(Images for object localization)
━━━━━━━━━━

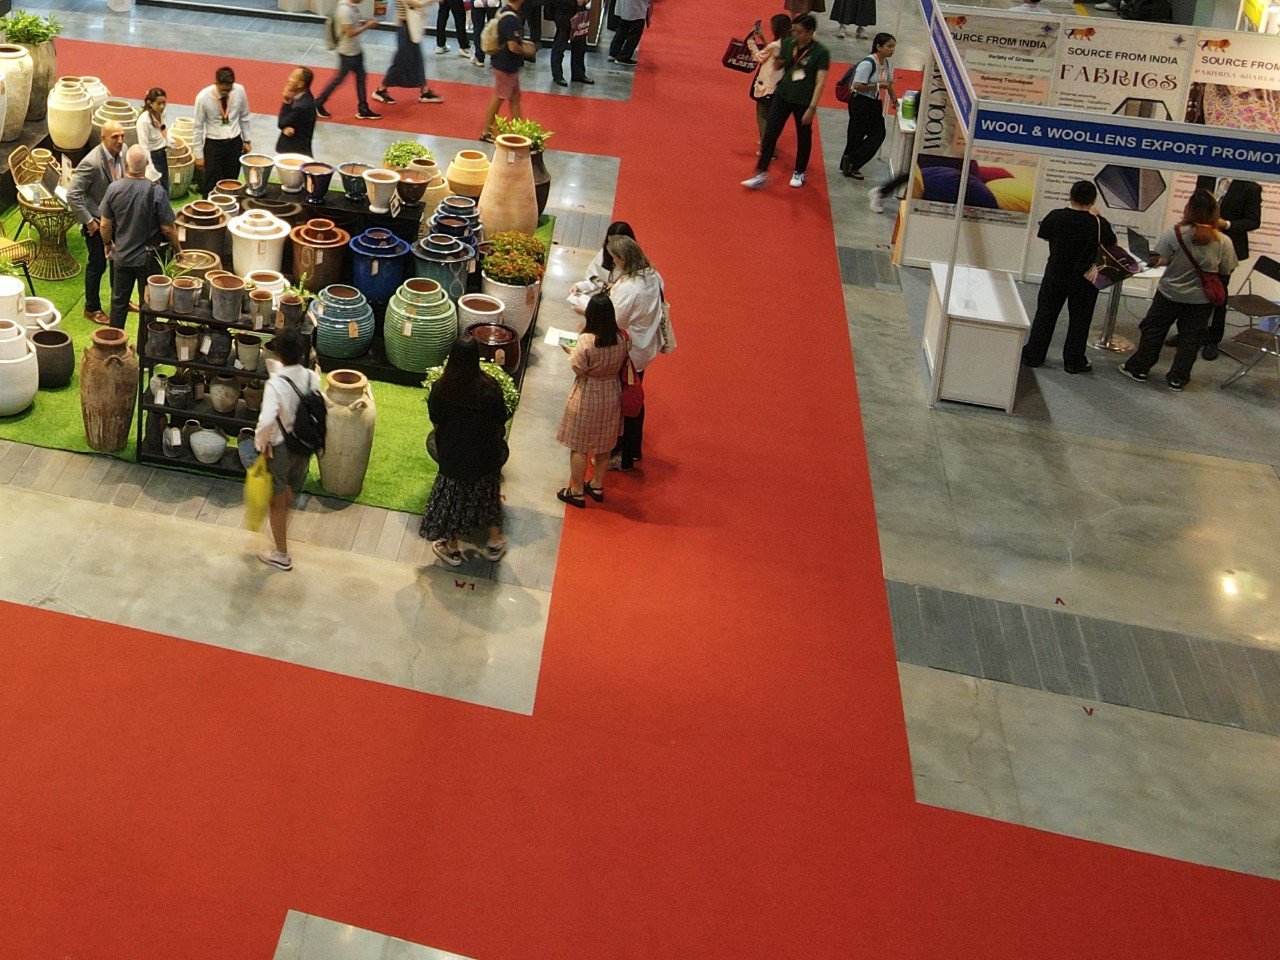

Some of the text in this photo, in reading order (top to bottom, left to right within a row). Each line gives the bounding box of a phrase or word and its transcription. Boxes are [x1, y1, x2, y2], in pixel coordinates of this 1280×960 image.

[986, 36, 1047, 49] FROM INDIA
[1068, 47, 1178, 65] SOURCE FROM INDIA
[1202, 56, 1247, 68] SOURCE
[1004, 77, 1033, 85] Techniques
[981, 119, 1027, 135] WOOL
[1032, 126, 1042, 137] &
[1048, 127, 1137, 148] WOOLLENS
[1141, 139, 1207, 156] EXPORT

━━━━━━━━━━

• **Exercise objective**:
Output all of the records exactly as they appear above, but not the pictures.

• **Exercise output**:
Some of the text in this photo, in reading order (top to bottom, left to right within a row). Each line gives the bounding box of a phrase or word and its transcription. Boxes are [x1, y1, x2, y2], in pixel coordinates of this 1280×960 image.

[986, 36, 1047, 49] FROM INDIA
[1068, 47, 1178, 65] SOURCE FROM INDIA
[1202, 56, 1247, 68] SOURCE
[1004, 77, 1033, 85] Techniques
[981, 119, 1027, 135] WOOL
[1032, 126, 1042, 137] &
[1048, 127, 1137, 148] WOOLLENS
[1141, 139, 1207, 156] EXPORT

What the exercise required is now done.